Compelling us to transcend and enlighten, the Swiss-born artist injects physics, ritual practice, and the power of specific audio frequencies to her work – ideas provoked after taking up metaphysics. Since releasing her debut album Of Matter and Spirit via Houndstooth in 2015, Devi has let out the divergent DNA Feelings in 2018, and most recently this year, S.F.L. But seeing her live is an altering experience in itself.

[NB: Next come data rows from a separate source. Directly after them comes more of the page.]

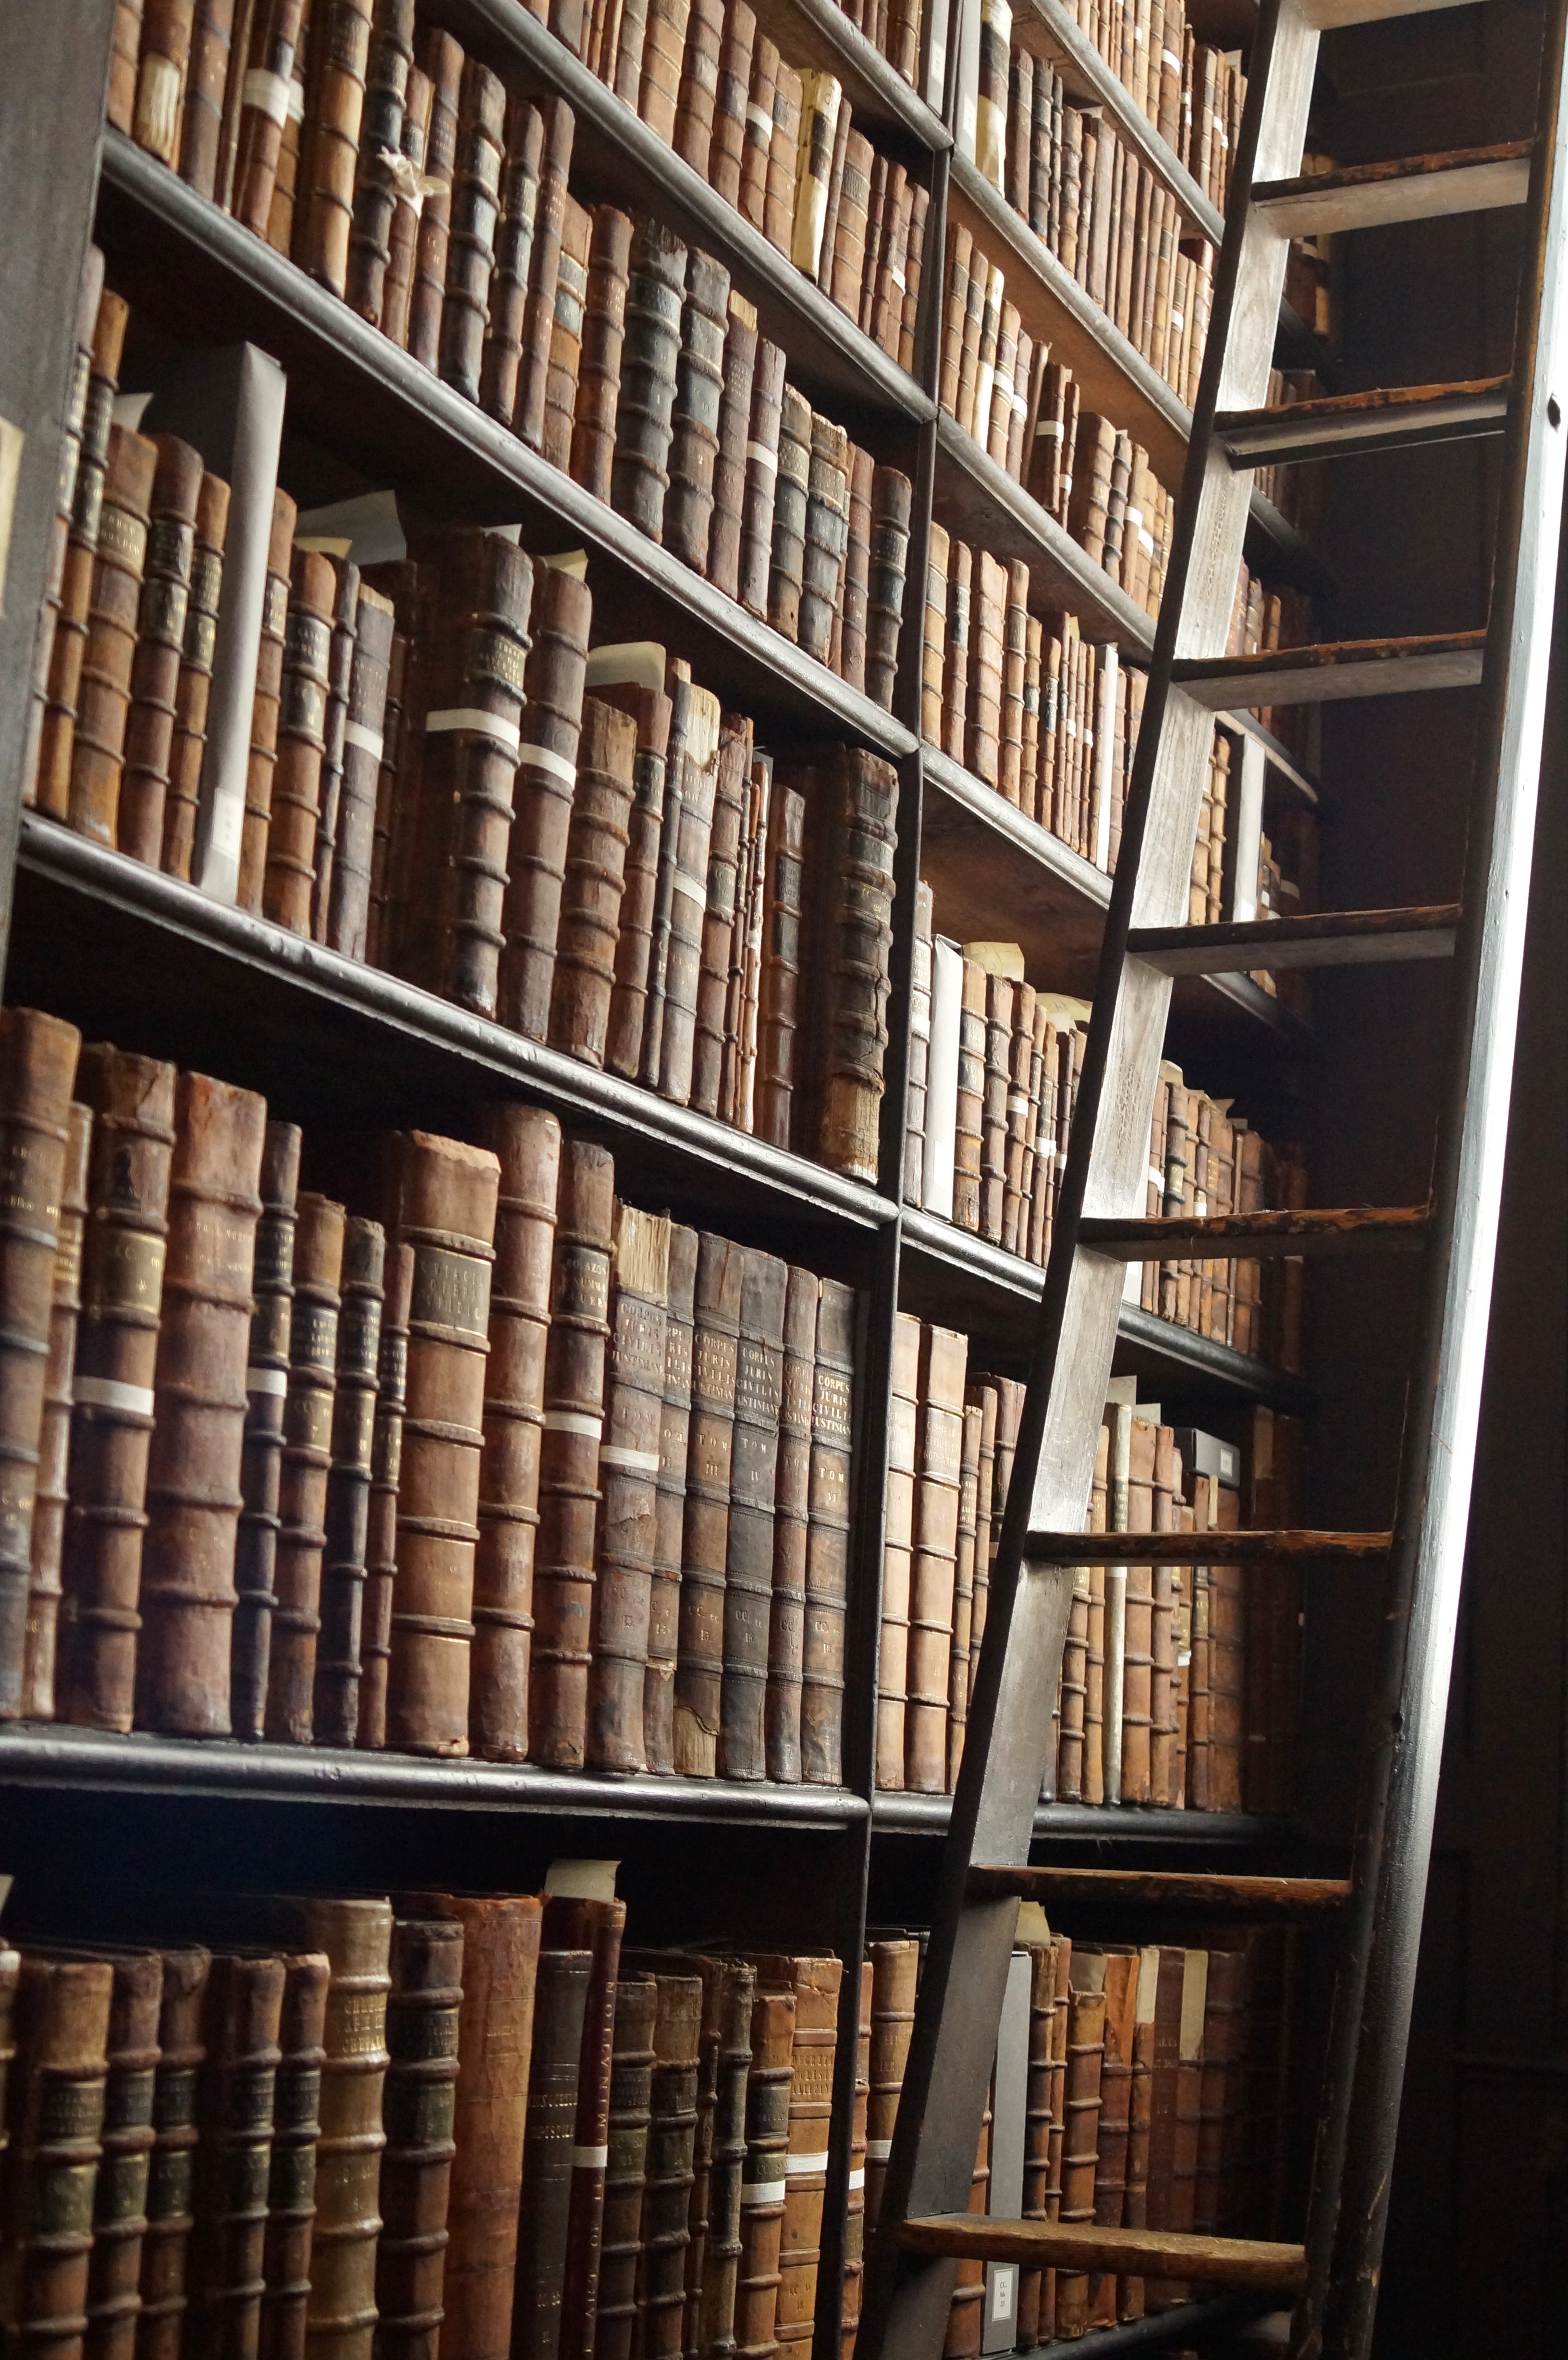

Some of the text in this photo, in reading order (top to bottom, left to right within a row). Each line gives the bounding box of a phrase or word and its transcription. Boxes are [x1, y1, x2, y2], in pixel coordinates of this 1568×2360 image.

[698, 454, 704, 465] 2
[621, 1302, 662, 1326] CORPUS
[669, 1342, 688, 1358] RIS
[695, 1333, 735, 1355] CORPUS
[667, 1356, 691, 1376] ILIS
[699, 1349, 731, 1369] JURIS
[742, 1347, 775, 1367] CORPUS
[745, 1364, 772, 1382] JURIS
[736, 1378, 779, 1399] CIVILIS
[818, 1375, 850, 1394] CORPUS
[821, 1390, 848, 1407] JURIS
[828, 1491, 837, 1503] VI

Through audio-visual shows and gigs in unpredictable venues, rave has a new, ritualistic meaning for Devi. As electronic music continues to expand around the world, its communal impulses go against the grain of today’s extreme political climate and disillusioned idolatry of pop culture. Raves are our modern temples, thinks Devi, and here is where the revolution will take place. She wants to change our minds – and our bodies – through music. Today, we chat with her about what makes the perfect rave, how we can avoid categorisation and even the possibility of a David Lynch collab. Let’s call these her ‘infinite wisdom’ – may you find enlightenment below.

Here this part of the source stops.